Malaise is the best description of the UK economy. GDP (gross domestic product) has barely grown over the past year and is still lower than before the pandemic in 2019. Meanwhile, core inflation continues to move higher, hitting 6.8% in April. The persistence of inflation has forced the Bank of England (BoE) back to a hawkish stance.

China's economy is decelerating after a strong first quarter. Consumption remains the key focus this year, and data continues to indicate that the Chinese consumer is cautious. The property-market recovery is also progressing slowly, and Chinese property developers continue to see elevated credit spreads. We maintain our view that 2023 GDP growth in China is likely to be around 5%.

In Japan, domestic spending is starting to pick up, with the country's reopening gathering some steam and inbound tourism returning. Wage growth continues to edge higher, and the stickier parts of inflation (i.e., services inflation) are approaching the Bank of Japan (BOJ)'s 2% inflation target.

In Australia, the country's economy continues to slow, but we think the probability of a recession remains lower than in the Northern Hemisphere. This is due in part to high immigration levels, which should support economic activity. However, the increase in interest rates and the expiration of many fixed-rate mortgages over the last three months will likely further slow household spending.

In Canada, the labor market is loosening, with the country shedding jobs in May for the first time since August 2022. Job vacancies have also declined. Weakening employment trends will eventually weigh on housing and consumer behavior and put downward pressure on inflation. We think a recession is the likely outcome over the next 12 months.

Economic views

  • U.S. recession chances
    While a U.S. recession in the final quarter of 2023 is possible, we suspect that the gradual and uneven pace of the downturn could delay the recession until sometime in 2024. Markets, however, could melt upward over the next few months if investors begin to speculate (wrongly, in our view) that the resilience in the economic data suggests a recession might be avoided.
  • AI impacts
    As the use of artificial intelligence continues to increase, we believe its effects on growth and productivity may occur in a matter of years, rather than decades.
  • China monetary policy
    We anticipate that monetary policy in China is likely to remain very accommodative, given inflation is currently running below 1%, year-on-year.
  • Eurozone inflation
    We believe both headline and core inflation in the eurozone are set to decline rapidly in the coming months, due to falling energy prices.
  • Bank of England rate hikes
    While market expectations call for the BoE's base rate to peak at 5.75% in early 2024, we doubt policy can be tightened that much without the UK economy buckling, and we expect the base rate to peak at a lower level.

Asset class views

Equities: Limited upside

We believe equities have limited upside with recession risks on the horizon. Although non-U.S. developed equities are cheaper than U.S. equities, we have a neutral preference until the Fed become less hawkish and the U.S. dollar weakens. Within equities, we prefer the quality factor, which tracks stocks that have low debt and stable earnings growth.

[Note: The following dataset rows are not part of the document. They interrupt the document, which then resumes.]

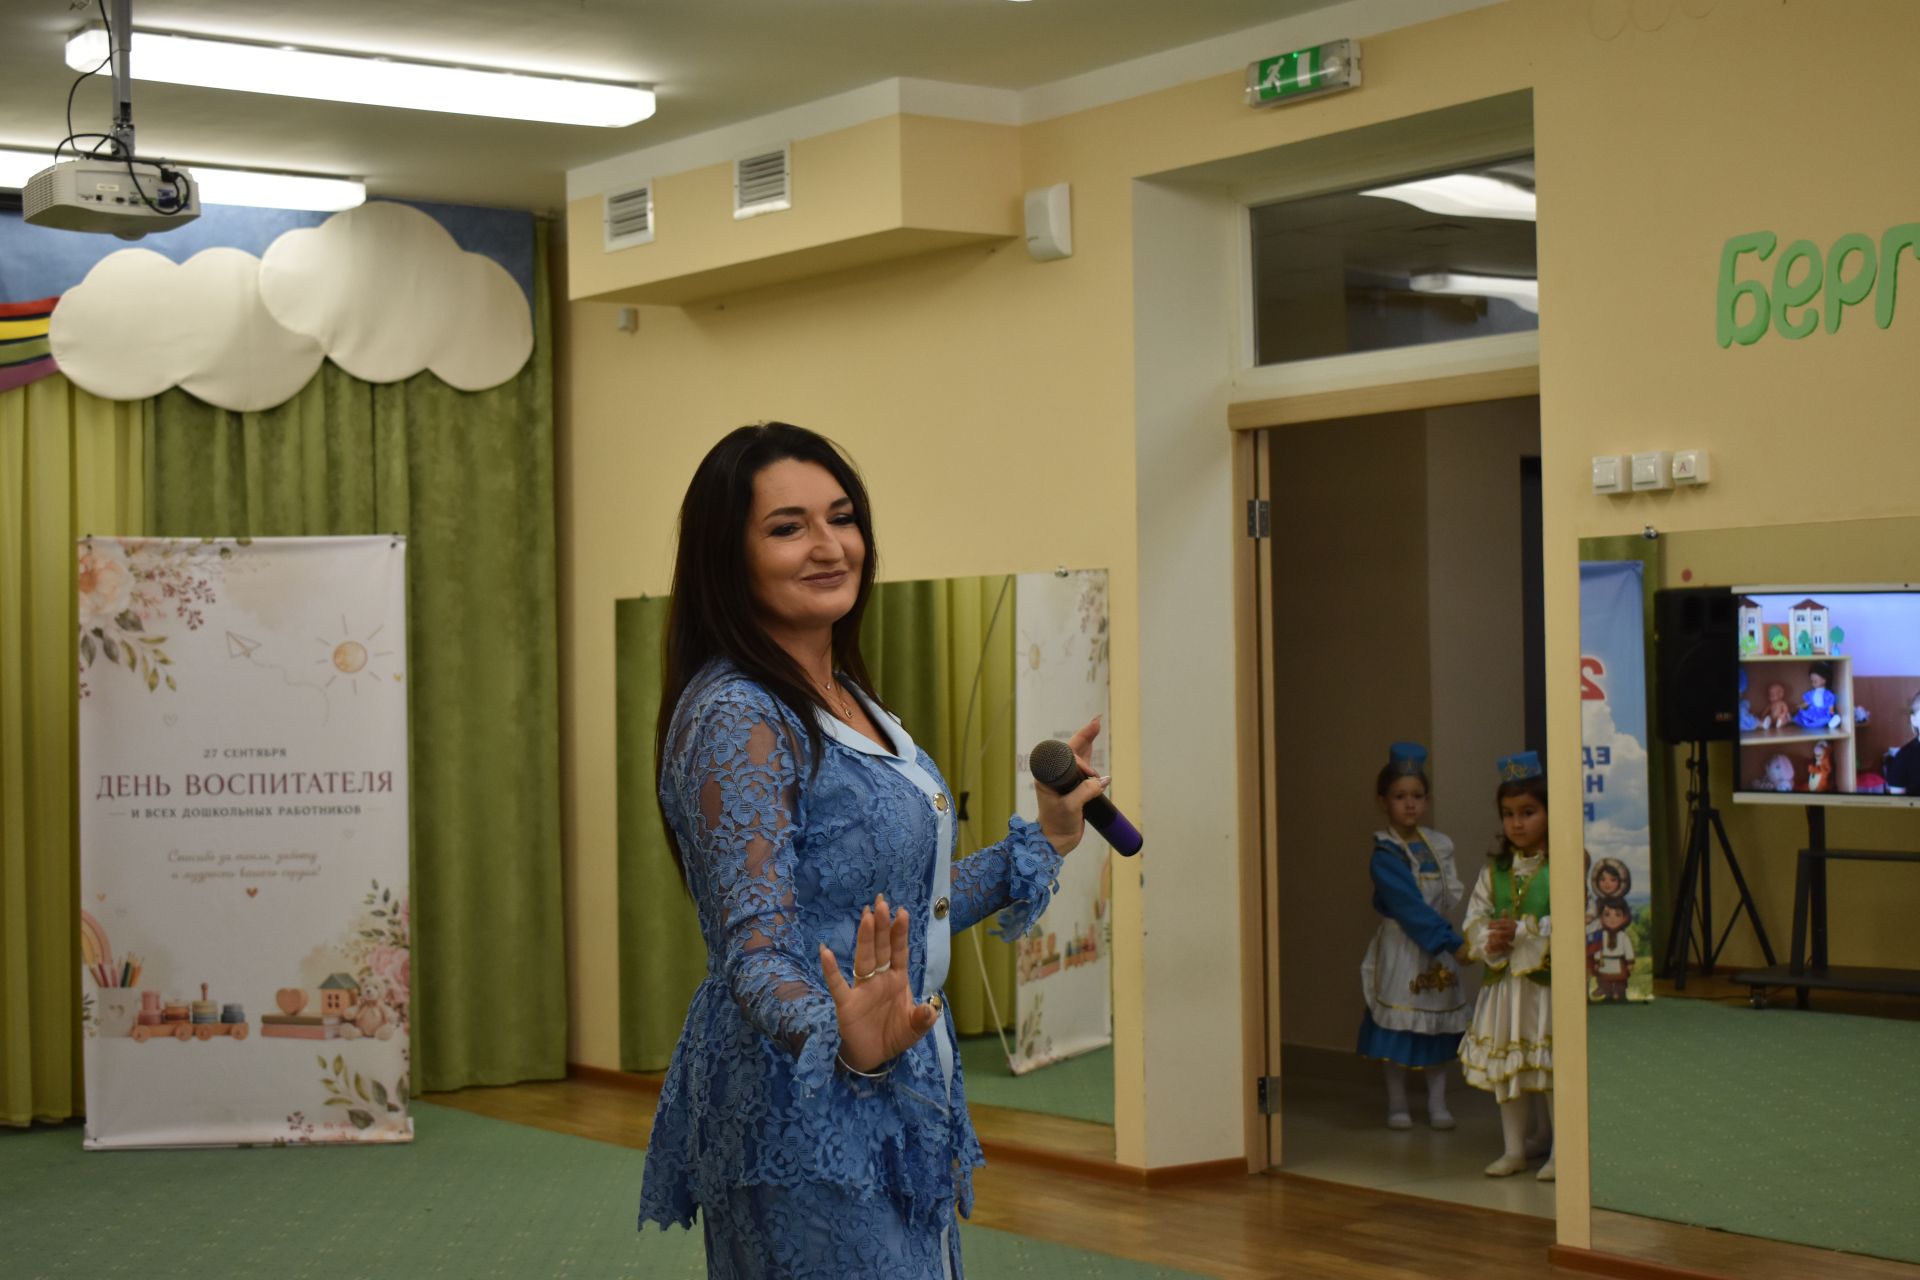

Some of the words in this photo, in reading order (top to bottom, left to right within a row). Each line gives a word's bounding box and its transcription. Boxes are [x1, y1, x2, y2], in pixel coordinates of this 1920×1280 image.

[203, 749, 217, 759] 27
[223, 748, 287, 759] СЕНТЯБРЯ
[96, 773, 172, 800] ДЕНЬ
[185, 770, 393, 796] ВОСПИТАТЕЛЯ
[131, 808, 140, 819] И
[145, 807, 176, 819] ВСЕХ
[181, 806, 273, 819] ДОШКОЛЬНЫХ
[279, 804, 362, 817] РАБОТНИКОВ

Fixed income: Government bond valuations look increasingly attractive

We see U.S., UK and German bonds as offering reasonable value. Japanese bonds, however, still look expensive, with the BOJ holding the 50-basis-point yield limit. In the U.S., the spread between 2-year and 10-year government bond yields is close to an extreme. We think it's likely the yield curve will steepen in the coming months, as it tends to do after the Fed has completed hiking rates and markets start looking toward monetary easing.

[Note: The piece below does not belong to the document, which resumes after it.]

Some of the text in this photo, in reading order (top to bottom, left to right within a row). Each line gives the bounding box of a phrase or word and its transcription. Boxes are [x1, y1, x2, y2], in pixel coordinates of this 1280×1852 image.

Currencies: U.S. dollar could weaken further

The U.S. dollar has trended lower over the past month as investors speculate that the Fed is nearing the end of its rate-hiking cycle. We think it could weaken further if markets become confident that a recession can be avoided, given the counter-cyclical nature of the dollar. We also believe the Japanese yen is attractive from a cycle, value and sentiment perspective.